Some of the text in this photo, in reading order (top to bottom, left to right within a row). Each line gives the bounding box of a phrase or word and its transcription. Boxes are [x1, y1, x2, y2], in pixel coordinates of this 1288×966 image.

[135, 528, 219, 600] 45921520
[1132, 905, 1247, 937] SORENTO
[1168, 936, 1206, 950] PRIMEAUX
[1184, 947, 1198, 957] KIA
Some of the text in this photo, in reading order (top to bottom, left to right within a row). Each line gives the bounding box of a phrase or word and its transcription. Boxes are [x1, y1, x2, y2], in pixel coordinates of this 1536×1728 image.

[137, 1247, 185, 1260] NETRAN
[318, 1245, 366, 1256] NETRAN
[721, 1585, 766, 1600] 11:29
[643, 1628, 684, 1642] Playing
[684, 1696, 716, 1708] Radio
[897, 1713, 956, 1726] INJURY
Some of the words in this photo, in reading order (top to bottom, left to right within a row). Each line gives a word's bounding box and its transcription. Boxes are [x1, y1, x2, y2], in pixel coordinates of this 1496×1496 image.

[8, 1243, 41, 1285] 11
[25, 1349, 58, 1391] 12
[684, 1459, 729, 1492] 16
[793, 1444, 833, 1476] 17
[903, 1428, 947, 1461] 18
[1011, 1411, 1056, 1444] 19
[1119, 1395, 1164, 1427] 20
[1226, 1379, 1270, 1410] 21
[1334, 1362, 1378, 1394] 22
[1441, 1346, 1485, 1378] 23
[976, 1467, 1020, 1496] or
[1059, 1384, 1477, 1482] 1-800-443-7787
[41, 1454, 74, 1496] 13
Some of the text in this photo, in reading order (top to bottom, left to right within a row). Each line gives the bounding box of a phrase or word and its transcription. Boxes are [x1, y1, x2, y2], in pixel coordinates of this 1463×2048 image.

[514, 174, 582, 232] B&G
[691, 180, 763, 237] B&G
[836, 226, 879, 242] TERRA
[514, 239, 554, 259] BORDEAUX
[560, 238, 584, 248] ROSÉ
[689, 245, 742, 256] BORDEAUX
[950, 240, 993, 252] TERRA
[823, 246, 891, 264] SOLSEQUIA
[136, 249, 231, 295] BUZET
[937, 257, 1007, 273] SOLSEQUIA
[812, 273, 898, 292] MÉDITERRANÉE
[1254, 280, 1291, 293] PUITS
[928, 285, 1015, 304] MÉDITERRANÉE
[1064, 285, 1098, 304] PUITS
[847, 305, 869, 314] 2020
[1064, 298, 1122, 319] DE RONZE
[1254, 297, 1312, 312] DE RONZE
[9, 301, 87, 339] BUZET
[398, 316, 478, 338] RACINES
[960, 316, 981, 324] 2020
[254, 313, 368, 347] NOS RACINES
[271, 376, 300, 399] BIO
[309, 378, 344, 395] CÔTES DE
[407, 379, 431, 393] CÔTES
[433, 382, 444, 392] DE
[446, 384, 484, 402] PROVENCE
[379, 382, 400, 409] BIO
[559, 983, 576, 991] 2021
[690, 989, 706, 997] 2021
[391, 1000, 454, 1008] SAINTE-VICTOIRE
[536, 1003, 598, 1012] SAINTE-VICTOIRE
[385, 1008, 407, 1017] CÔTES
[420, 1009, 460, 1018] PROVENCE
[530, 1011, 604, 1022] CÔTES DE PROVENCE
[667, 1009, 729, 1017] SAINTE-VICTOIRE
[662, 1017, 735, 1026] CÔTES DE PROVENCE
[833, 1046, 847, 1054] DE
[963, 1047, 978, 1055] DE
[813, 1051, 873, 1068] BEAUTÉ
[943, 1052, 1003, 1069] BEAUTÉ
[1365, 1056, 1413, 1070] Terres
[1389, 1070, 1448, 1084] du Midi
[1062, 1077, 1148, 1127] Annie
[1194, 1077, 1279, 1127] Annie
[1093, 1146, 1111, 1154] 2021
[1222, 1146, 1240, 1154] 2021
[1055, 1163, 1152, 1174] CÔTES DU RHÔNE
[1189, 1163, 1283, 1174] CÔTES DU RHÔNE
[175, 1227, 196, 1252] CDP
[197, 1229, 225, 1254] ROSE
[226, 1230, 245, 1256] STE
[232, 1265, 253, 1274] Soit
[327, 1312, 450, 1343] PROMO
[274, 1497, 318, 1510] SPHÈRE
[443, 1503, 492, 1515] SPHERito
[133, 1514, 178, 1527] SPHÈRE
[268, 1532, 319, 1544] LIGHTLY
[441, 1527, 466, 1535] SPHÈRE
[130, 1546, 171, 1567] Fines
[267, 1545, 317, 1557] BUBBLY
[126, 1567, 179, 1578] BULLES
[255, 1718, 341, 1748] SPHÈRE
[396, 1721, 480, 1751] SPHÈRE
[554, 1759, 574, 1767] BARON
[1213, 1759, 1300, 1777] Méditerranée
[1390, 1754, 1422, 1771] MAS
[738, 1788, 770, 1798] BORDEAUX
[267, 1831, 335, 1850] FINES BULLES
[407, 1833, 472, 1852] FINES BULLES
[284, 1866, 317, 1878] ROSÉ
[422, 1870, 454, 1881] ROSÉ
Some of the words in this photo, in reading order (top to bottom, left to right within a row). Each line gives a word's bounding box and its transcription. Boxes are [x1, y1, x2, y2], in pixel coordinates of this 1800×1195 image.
▬▬▬
- [Aim of the exercise] Would you return all of the material exactly as written?

- [Task output]
Some of the text in this photo, in reading order (top to bottom, left to right within a row). Each line gives the bounding box of a phrase or word and its transcription. Boxes are [x1, y1, x2, y2], in pixel coordinates of this 1288×966 image.

[135, 528, 219, 600] 45921520
[1132, 905, 1247, 937] SORENTO
[1168, 936, 1206, 950] PRIMEAUX
[1184, 947, 1198, 957] KIA
Some of the text in this photo, in reading order (top to bottom, left to right within a row). Each line gives the bounding box of a phrase or word and its transcription. Boxes are [x1, y1, x2, y2], in pixel coordinates of this 1536×1728 image.

[137, 1247, 185, 1260] NETRAN
[318, 1245, 366, 1256] NETRAN
[721, 1585, 766, 1600] 11:29
[643, 1628, 684, 1642] Playing
[684, 1696, 716, 1708] Radio
[897, 1713, 956, 1726] INJURY
Some of the words in this photo, in reading order (top to bottom, left to right within a row). Each line gives a word's bounding box and its transcription. Boxes are [x1, y1, x2, y2], in pixel coordinates of this 1496×1496 image.

[8, 1243, 41, 1285] 11
[25, 1349, 58, 1391] 12
[684, 1459, 729, 1492] 16
[793, 1444, 833, 1476] 17
[903, 1428, 947, 1461] 18
[1011, 1411, 1056, 1444] 19
[1119, 1395, 1164, 1427] 20
[1226, 1379, 1270, 1410] 21
[1334, 1362, 1378, 1394] 22
[1441, 1346, 1485, 1378] 23
[976, 1467, 1020, 1496] or
[1059, 1384, 1477, 1482] 1-800-443-7787
[41, 1454, 74, 1496] 13
Some of the text in this photo, in reading order (top to bottom, left to right within a row). Each line gives the bounding box of a phrase or word and its transcription. Boxes are [x1, y1, x2, y2], in pixel coordinates of this 1463×2048 image.

[514, 174, 582, 232] B&G
[691, 180, 763, 237] B&G
[836, 226, 879, 242] TERRA
[514, 239, 554, 259] BORDEAUX
[560, 238, 584, 248] ROSÉ
[689, 245, 742, 256] BORDEAUX
[950, 240, 993, 252] TERRA
[823, 246, 891, 264] SOLSEQUIA
[136, 249, 231, 295] BUZET
[937, 257, 1007, 273] SOLSEQUIA
[812, 273, 898, 292] MÉDITERRANÉE
[1254, 280, 1291, 293] PUITS
[928, 285, 1015, 304] MÉDITERRANÉE
[1064, 285, 1098, 304] PUITS
[847, 305, 869, 314] 2020
[1064, 298, 1122, 319] DE RONZE
[1254, 297, 1312, 312] DE RONZE
[9, 301, 87, 339] BUZET
[398, 316, 478, 338] RACINES
[960, 316, 981, 324] 2020
[254, 313, 368, 347] NOS RACINES
[271, 376, 300, 399] BIO
[309, 378, 344, 395] CÔTES DE
[407, 379, 431, 393] CÔTES
[433, 382, 444, 392] DE
[446, 384, 484, 402] PROVENCE
[379, 382, 400, 409] BIO
[559, 983, 576, 991] 2021
[690, 989, 706, 997] 2021
[391, 1000, 454, 1008] SAINTE-VICTOIRE
[536, 1003, 598, 1012] SAINTE-VICTOIRE
[385, 1008, 407, 1017] CÔTES
[420, 1009, 460, 1018] PROVENCE
[530, 1011, 604, 1022] CÔTES DE PROVENCE
[667, 1009, 729, 1017] SAINTE-VICTOIRE
[662, 1017, 735, 1026] CÔTES DE PROVENCE
[833, 1046, 847, 1054] DE
[963, 1047, 978, 1055] DE
[813, 1051, 873, 1068] BEAUTÉ
[943, 1052, 1003, 1069] BEAUTÉ
[1365, 1056, 1413, 1070] Terres
[1389, 1070, 1448, 1084] du Midi
[1062, 1077, 1148, 1127] Annie
[1194, 1077, 1279, 1127] Annie
[1093, 1146, 1111, 1154] 2021
[1222, 1146, 1240, 1154] 2021
[1055, 1163, 1152, 1174] CÔTES DU RHÔNE
[1189, 1163, 1283, 1174] CÔTES DU RHÔNE
[175, 1227, 196, 1252] CDP
[197, 1229, 225, 1254] ROSE
[226, 1230, 245, 1256] STE
[232, 1265, 253, 1274] Soit
[327, 1312, 450, 1343] PROMO
[274, 1497, 318, 1510] SPHÈRE
[443, 1503, 492, 1515] SPHERito
[133, 1514, 178, 1527] SPHÈRE
[268, 1532, 319, 1544] LIGHTLY
[441, 1527, 466, 1535] SPHÈRE
[130, 1546, 171, 1567] Fines
[267, 1545, 317, 1557] BUBBLY
[126, 1567, 179, 1578] BULLES
[255, 1718, 341, 1748] SPHÈRE
[396, 1721, 480, 1751] SPHÈRE
[554, 1759, 574, 1767] BARON
[1213, 1759, 1300, 1777] Méditerranée
[1390, 1754, 1422, 1771] MAS
[738, 1788, 770, 1798] BORDEAUX
[267, 1831, 335, 1850] FINES BULLES
[407, 1833, 472, 1852] FINES BULLES
[284, 1866, 317, 1878] ROSÉ
[422, 1870, 454, 1881] ROSÉ
Some of the words in this photo, in reading order (top to bottom, left to right within a row). Each line gives a word's bounding box and its transcription. Boxes are [x1, y1, x2, y2], in pixel coordinates of this 1800×1195 image.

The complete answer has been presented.